Sumber : "PadangKini.com | Selasa, 12/08/2008, 11:11 WIB
Resensi Novel "Tarian Bumi"
“Kelak kalau kau jatuh cinta dengan seorang laki-laki,
kau harus mengumpulkan pertanyaan-pertanyaan yang harus kau simpan....
Apa untungnya laki-laki itu untukmu....
Jangan pernah menikah hanya karena kebutuhan atau dipaksa oleh sebuah sistem. Menikahlah kau dengan laki-laki yang mampu memberimu ketenangan, cinta, dan kasih....” (Rusmini, 2004: 21)
Perempuan diakui keberadaannya sebagai makhluk hidup, tetapi lingkup kehidupannya dipercayai telah dibatasi oleh kewajiban biologis. Kewajiban biologis itu bergantung pada konstruksi tubuhnya yang menentukan secara alamiah apa yang bisa dan tidak bisa dilakukan oleh perempuan.
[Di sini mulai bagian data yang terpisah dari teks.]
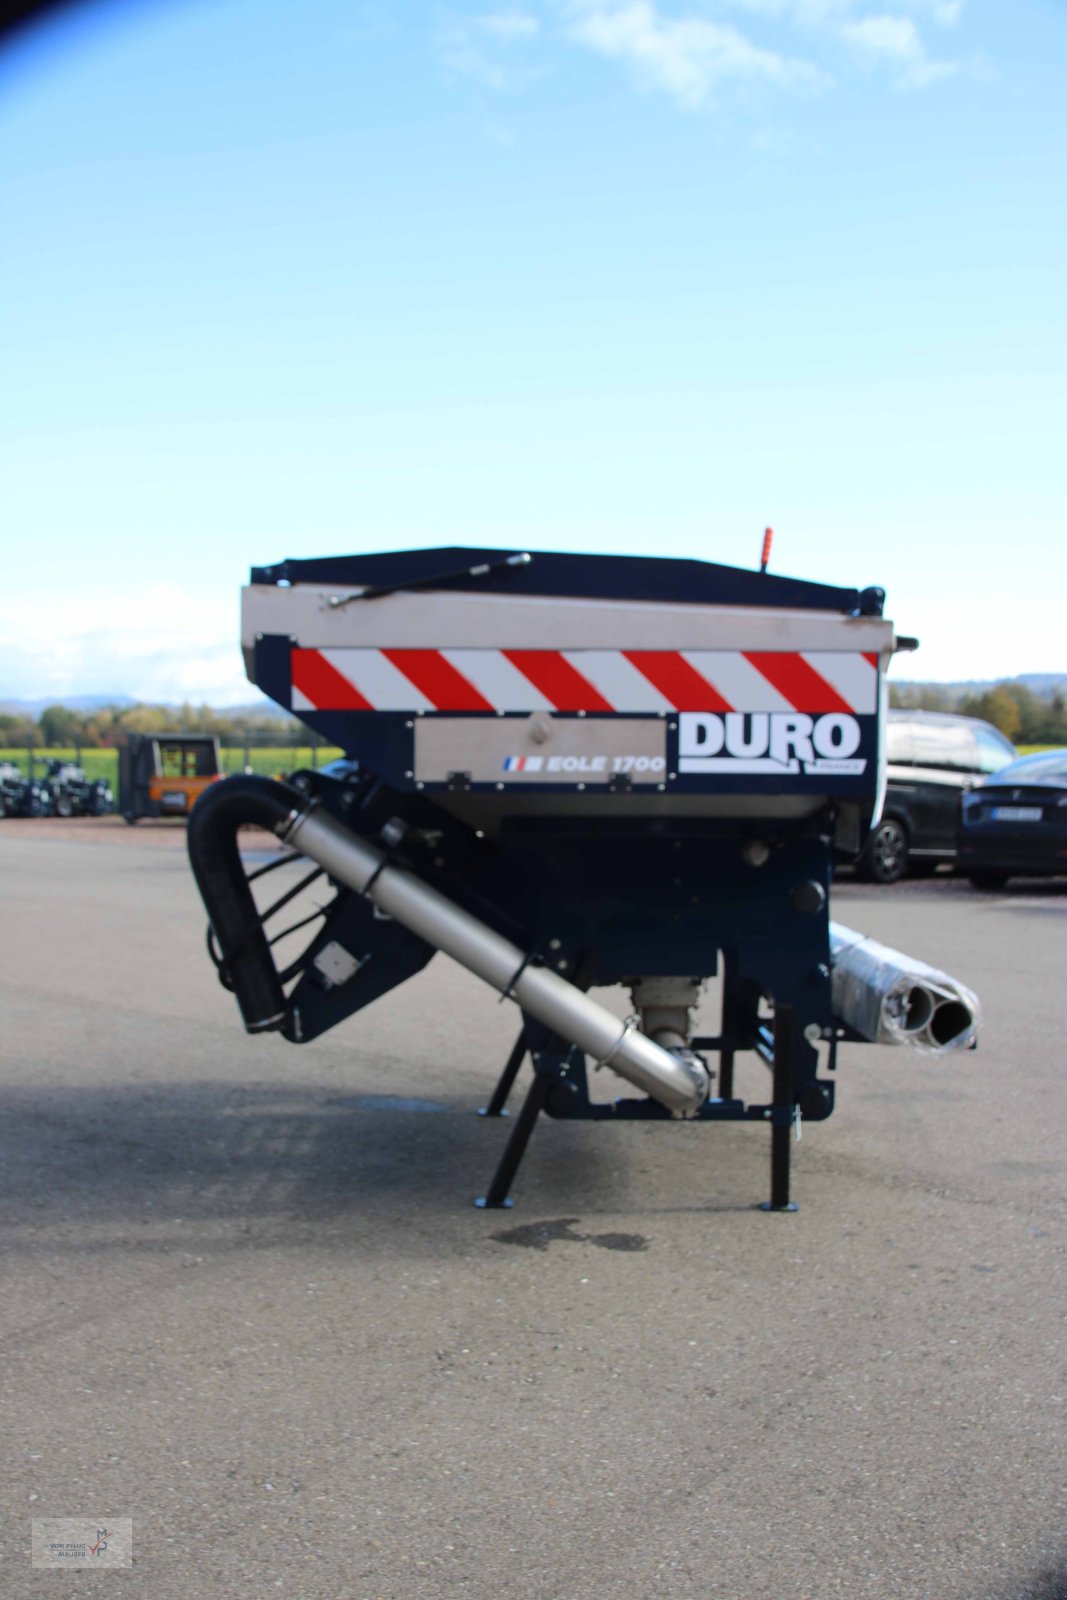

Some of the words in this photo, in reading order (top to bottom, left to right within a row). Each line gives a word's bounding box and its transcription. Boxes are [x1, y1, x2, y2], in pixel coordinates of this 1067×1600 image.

[678, 712, 861, 767] DURO
[547, 755, 608, 772] EOLE
[613, 755, 666, 772] 1700
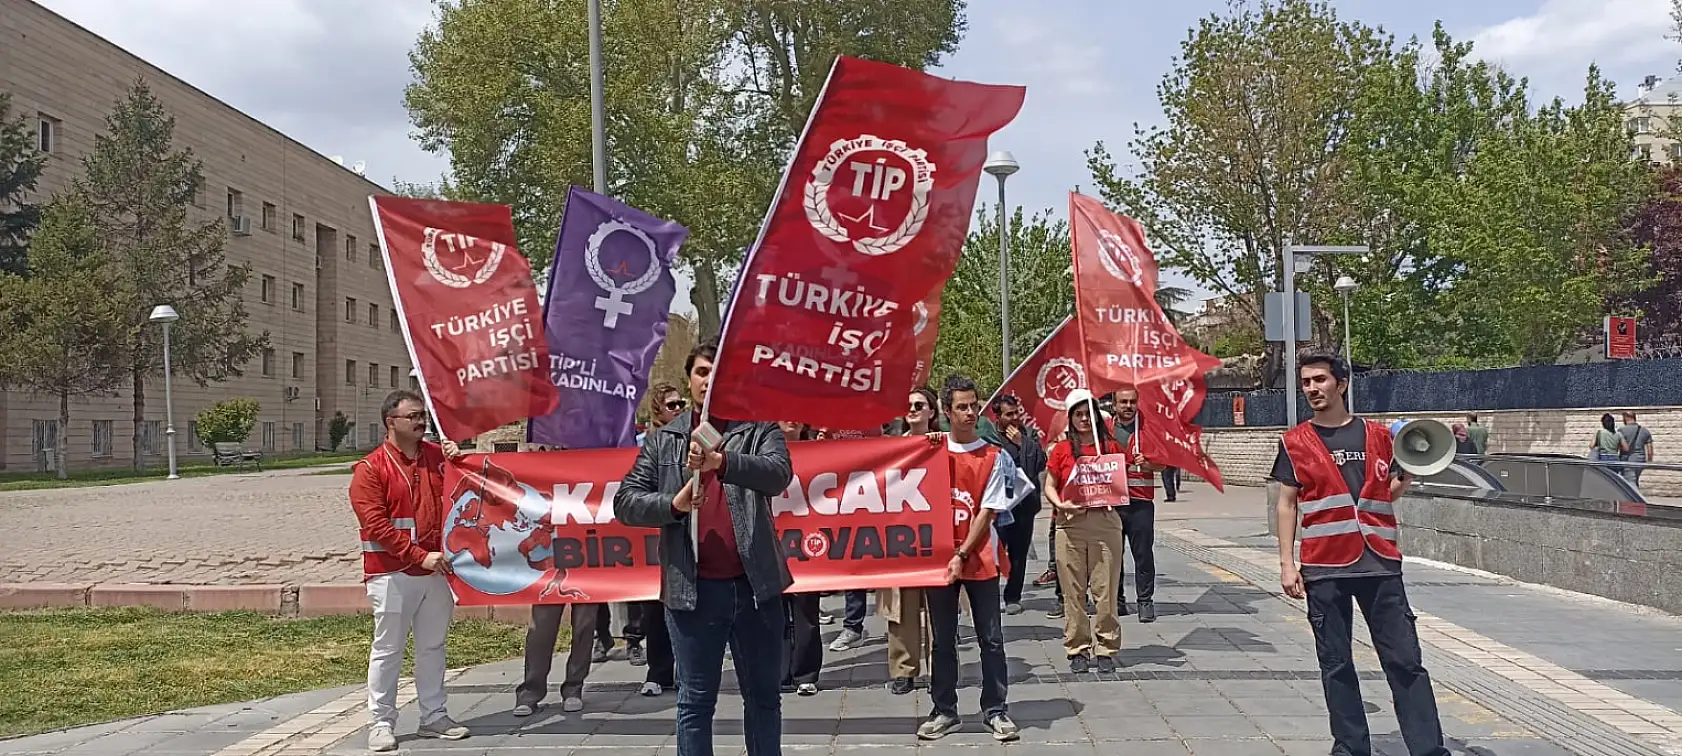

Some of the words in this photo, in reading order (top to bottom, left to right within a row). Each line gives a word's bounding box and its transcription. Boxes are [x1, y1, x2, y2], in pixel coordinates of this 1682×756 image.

[850, 157, 907, 201] TİP
[755, 272, 899, 318] TÜRKİYE
[431, 298, 528, 339] TÜRKİYE
[488, 318, 533, 348] İŞÇİ
[826, 321, 892, 360] İŞÇİ
[1106, 352, 1181, 369] PARTİSİ
[456, 347, 539, 387] PARTİSİ
[548, 352, 597, 376] TİP'Lİ
[752, 344, 883, 392] PARTİSİ
[552, 528, 634, 568] BİR
[819, 523, 933, 561] VAR!
Misalnya saja, keberadaan rahim dalam tubuh perempuan sudah menjadikan fungsi mengandung dan melahirkan anak sebagai kewajiban mutlak perempuan yang tidak bisa diganggu-gugat. Oleh karena itulah, perempuan mempertanyakan akan pentingnya kewajiban tersebut sebagaimana layaknya manusia yang mampu berpikir, mereka dianggap melawan kehendak alam.
Berangkat dari hal-hal seperti itu, masyarakat telah menghidupkan sebuah tataran aturan yang meletakkan perempuan pada nomor dua setelah laki-laki. Pembagian peran, tanggung jawab, fungsi, hak, dan kewajiban baik laki-laki maupun perempuan yang sudah dibentuk dan dikembangkan oleh sosial, budaya dari sekelompok masyarakat yang dapat berubah menurut waktu dan tempat serta kondisi setempat inilah yang disebut dengan gender (Purwati, 2003).
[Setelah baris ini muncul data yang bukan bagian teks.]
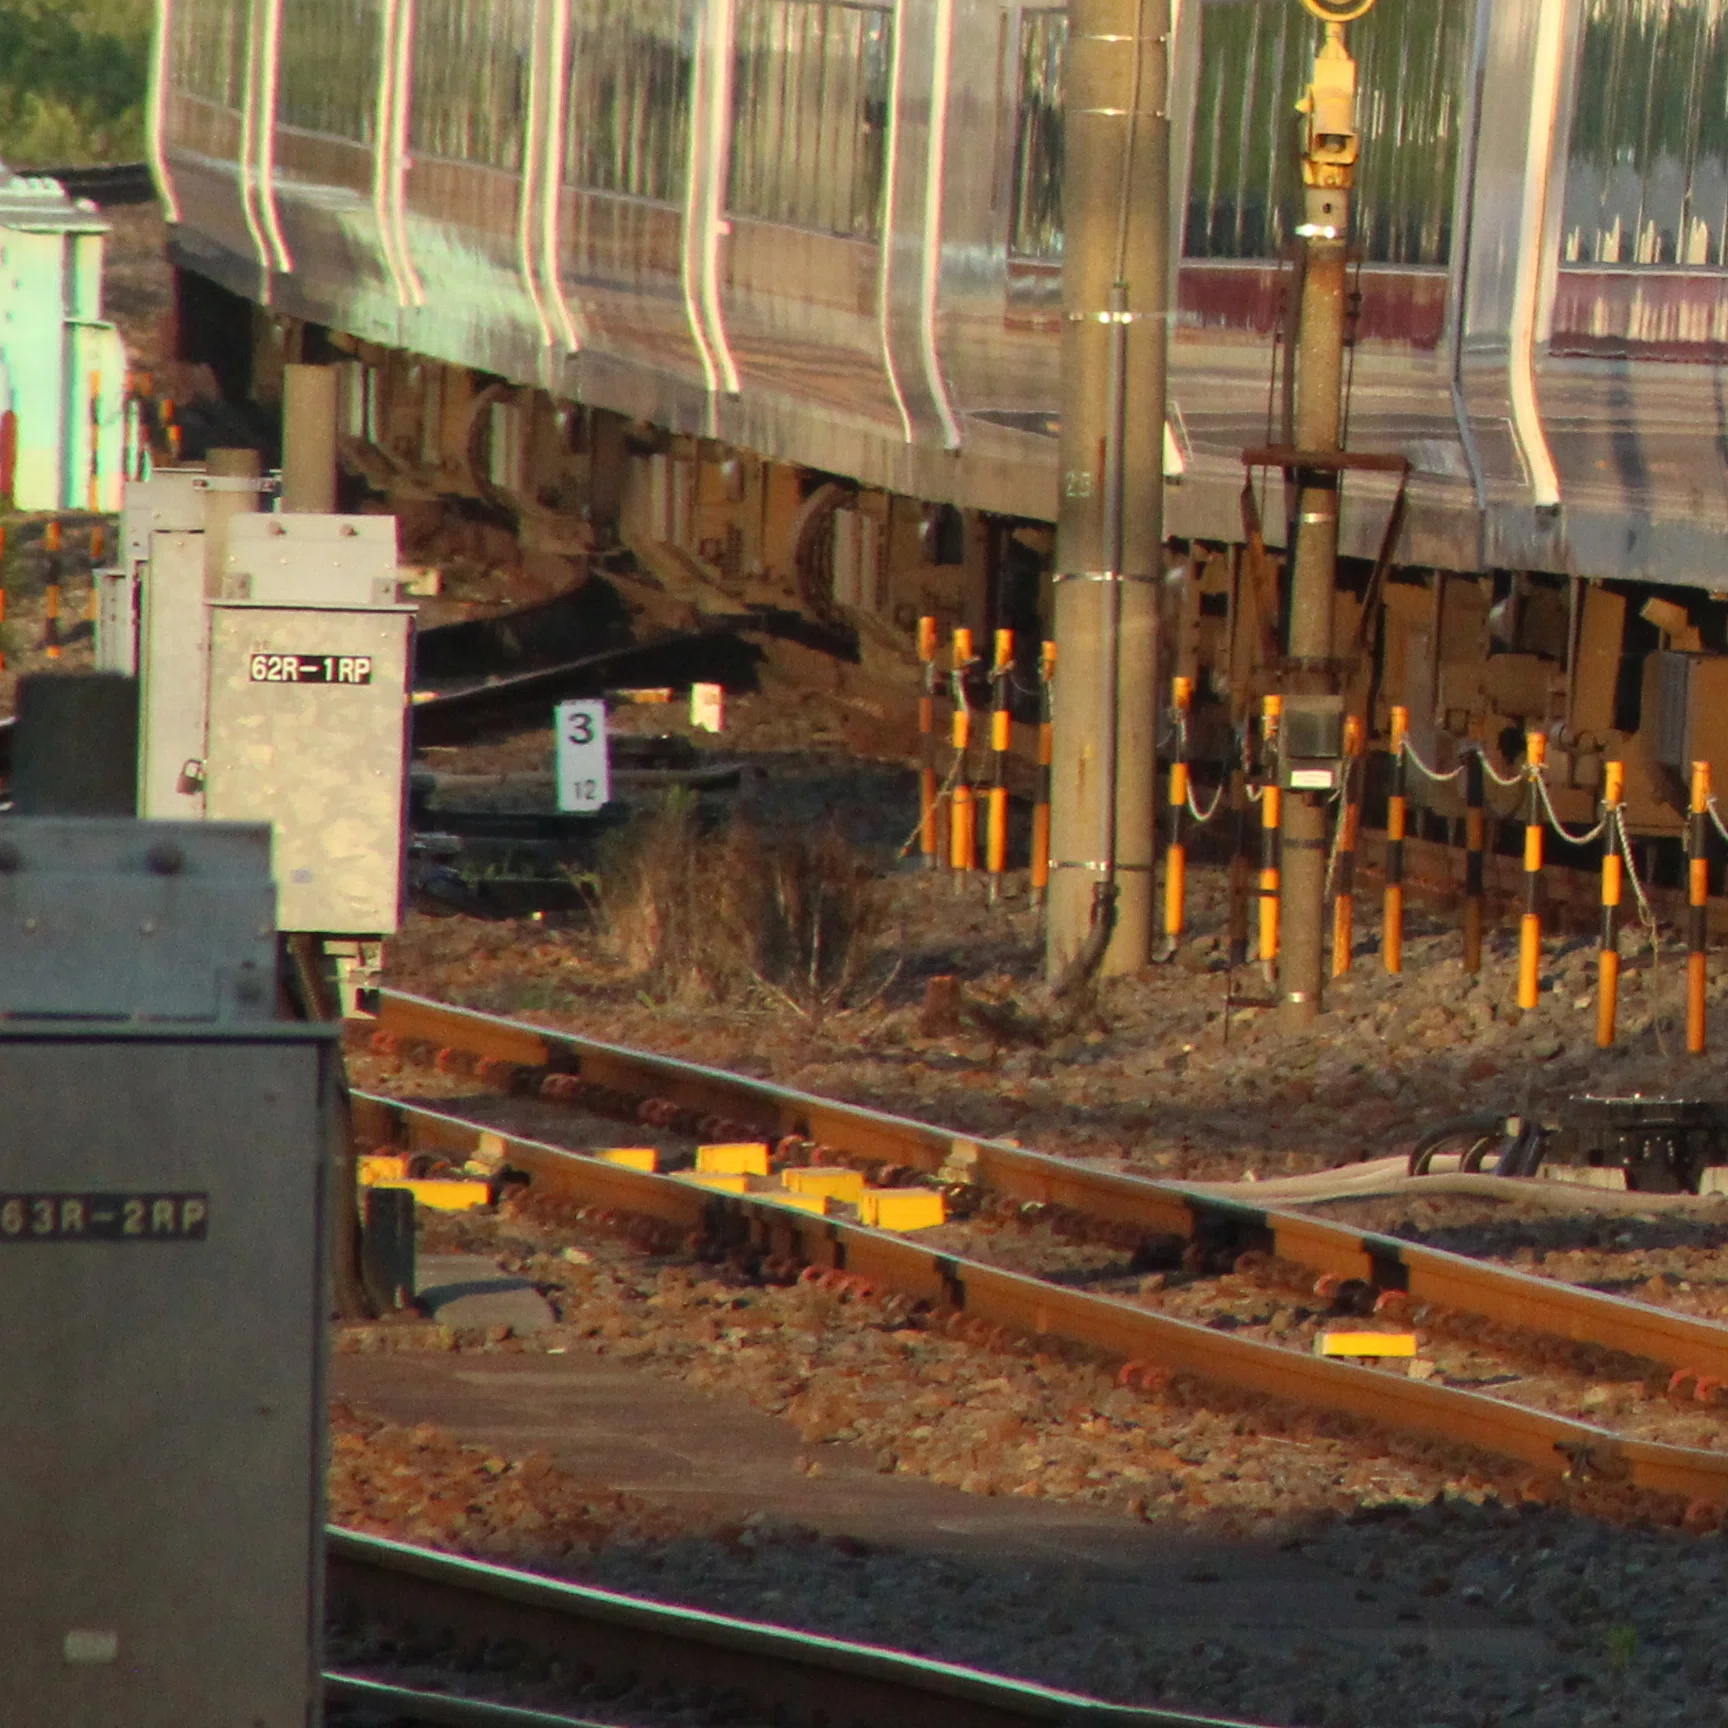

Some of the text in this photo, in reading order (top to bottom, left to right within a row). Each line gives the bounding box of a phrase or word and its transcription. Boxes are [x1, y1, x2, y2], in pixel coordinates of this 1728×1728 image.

[251, 656, 371, 683] 62R-1RP
[568, 713, 595, 745] 3
[573, 779, 596, 801] 12
[1, 1198, 206, 1234] 63R-2RP
Ketimpangan atau pengkotak-kotakan peran dan fungsi laki-laki dan perempuan juga terlihat dalam karya-karya sastra. Tidak banyak karya sastra yang berani melawan atau menampilkan cerita berbeda dengan mengungkap masalah gender dari sudut perempuan.
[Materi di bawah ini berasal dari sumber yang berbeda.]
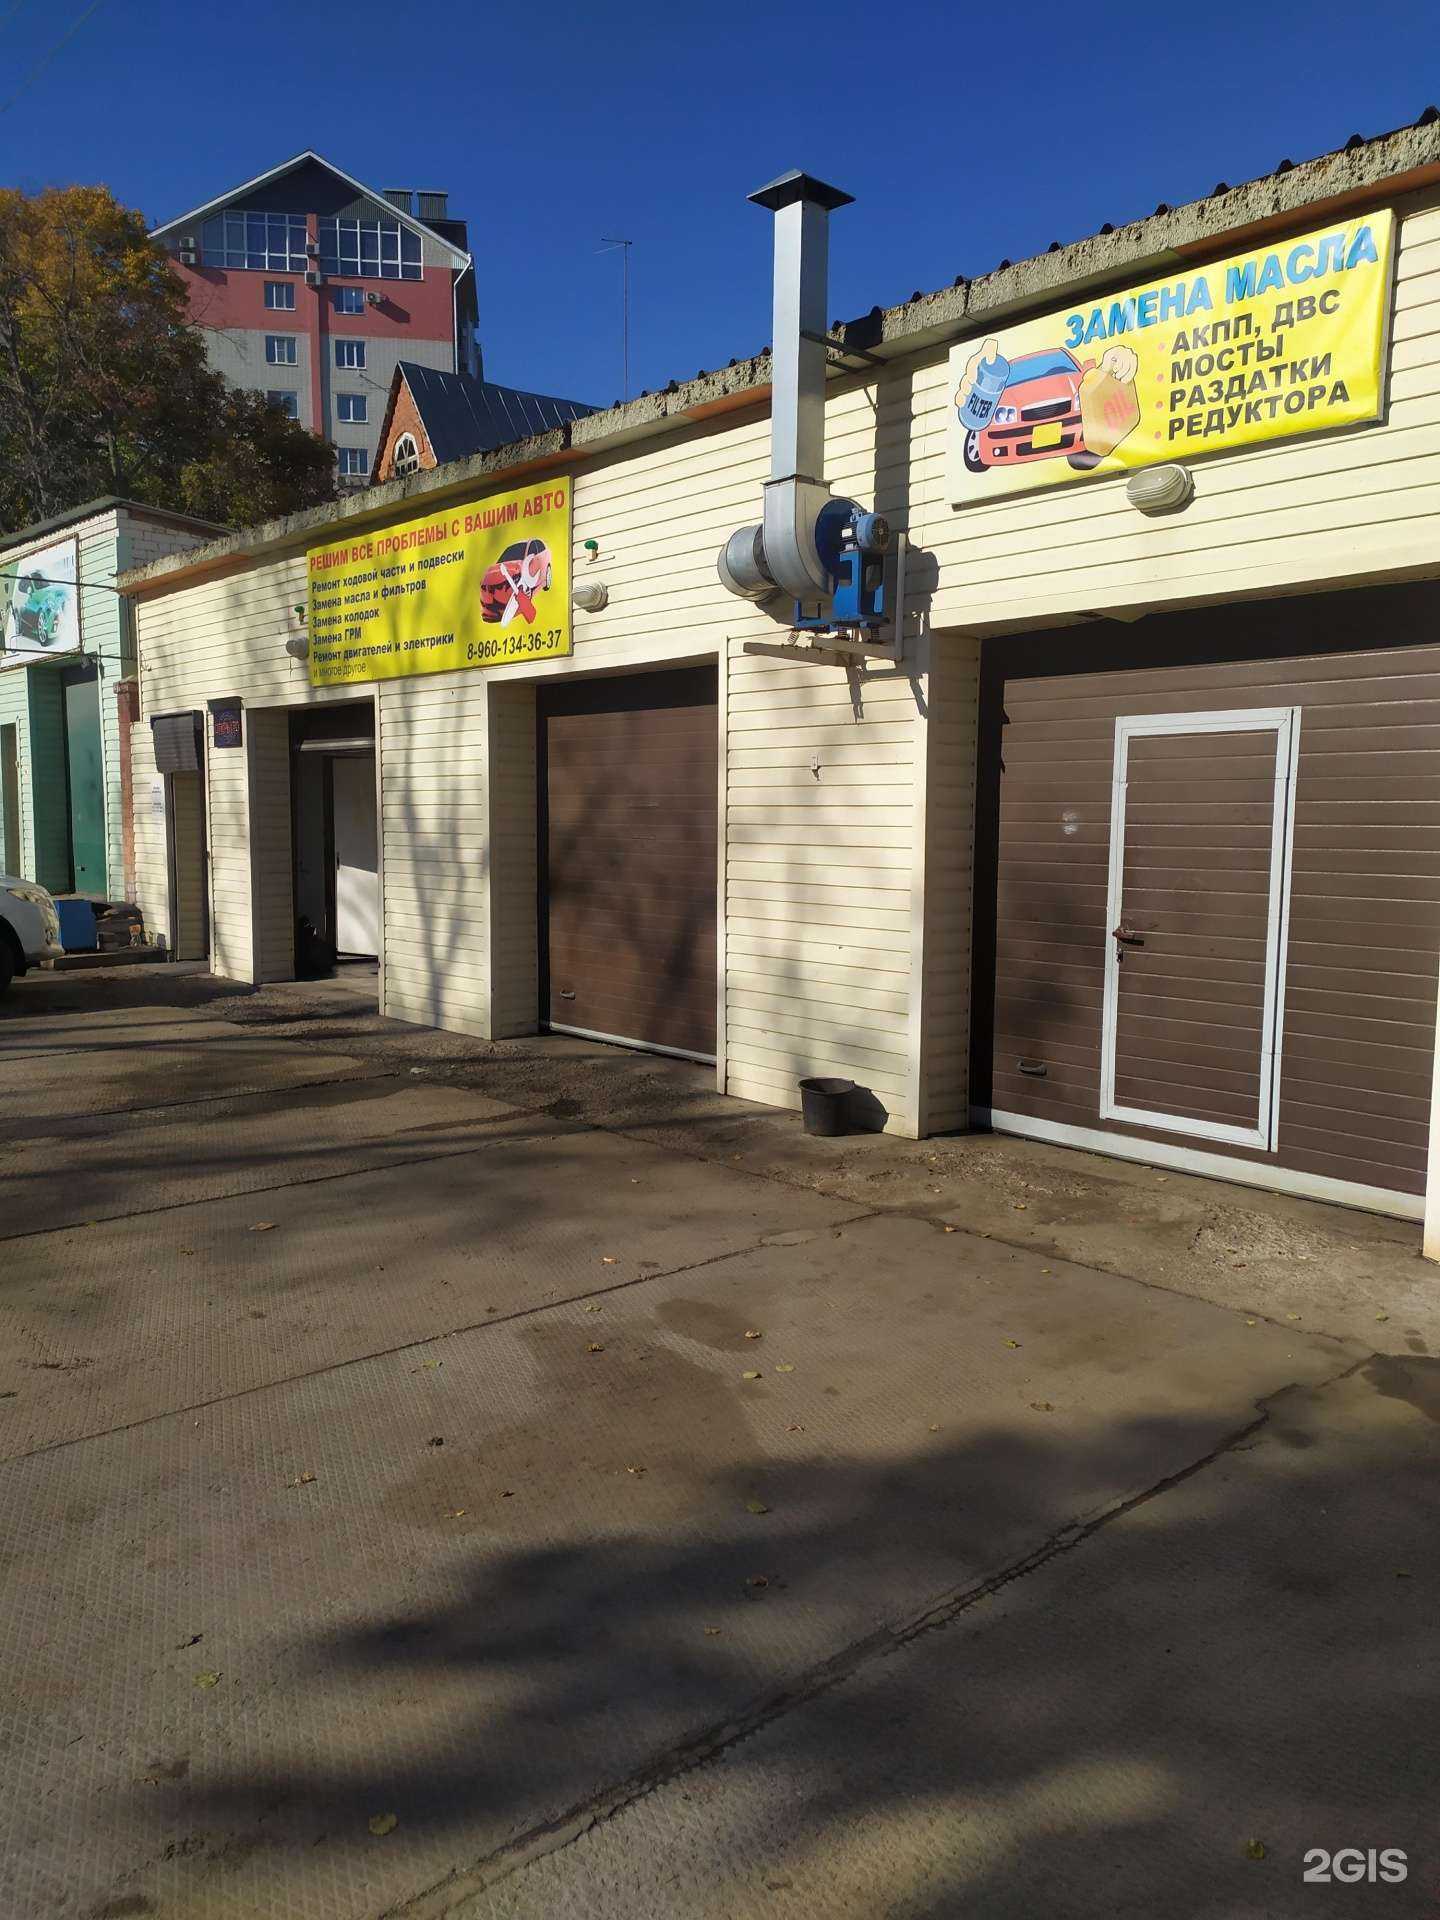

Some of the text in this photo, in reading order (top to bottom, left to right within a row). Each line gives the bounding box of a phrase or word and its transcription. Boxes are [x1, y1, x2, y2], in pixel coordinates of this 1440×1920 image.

[1065, 226, 1379, 349] ЗАМЕНА МАСЛА
[1172, 290, 1340, 353] АКПП, ДВС
[1171, 334, 1283, 383] МОСТЫ
[1169, 353, 1332, 412] РАЗДАТКИ
[968, 389, 993, 418] FILTER
[1168, 381, 1349, 440] РЕДУКТОРА
[311, 490, 564, 571] РЕШИМ ВСЕ ПРОБЛЕМЫ С ВАШИМ АВТО
[312, 549, 464, 593] Ремонт ходовой части и подвески
[312, 580, 426, 610] Замена масла и фильтров
[312, 609, 379, 628] Замена колодок
[313, 626, 361, 645] Замена ГРМ
[313, 632, 454, 662] Ремонт двигателей и электрики
[467, 630, 561, 659] 8-960-134-36-37
[343, 662, 366, 676] другое
Saman karya Ayu Utami adalah salah satu novel atau karya sastra yang perlu diakui karena telah berani mengungkapkan hak-hak perempuan, harga diri, dan keinginan-keinginan perempuan. Sesuatu yang langka ditemui pada novel dekade 1970-an hingga awal 1980-an. Teori-teori yang berkaitan dengan tubuh, kekuasaan, kontrol politik terhadap tubuh perempuan melalui patriarki adalah termasuk tema utama dalam feminisme. Penulis lain yang banyak juga menulis tentang perempuan dan selalu mengaitkannya dengan budaya patriarki di dalam adat adalah Oka Rusmini.
Salah satu novel karya Oka Rusmini yang sarat dengan pemberontakan perempuan terhadap budaya dan adat yang merugikannya adalah Tarian Bumi. Tarian Bumi terbit pertama kali pada tahun 2000 dan mendapat penghargaan “Penulisan Karya Sastra 2003” dari Pusat Bahasa Departemen Pendidikan Nasional Indonesia. Novel ini adalah salah satu karya yang menandai sebuah babak baru penulisan prosa panjang di Indonesia. Tarian Bumi menampilkan dunia perempuan yang sama sekali berbeda dibandingkan penggambaran yang pernah ada dalam khasanah sastra sebelumnya. Perempuan dalam Tarian Bumi, dicitrakan sebagai sosok-sosok yang begitu kuat, gelisah, mandiri, radikal, dan memberontak.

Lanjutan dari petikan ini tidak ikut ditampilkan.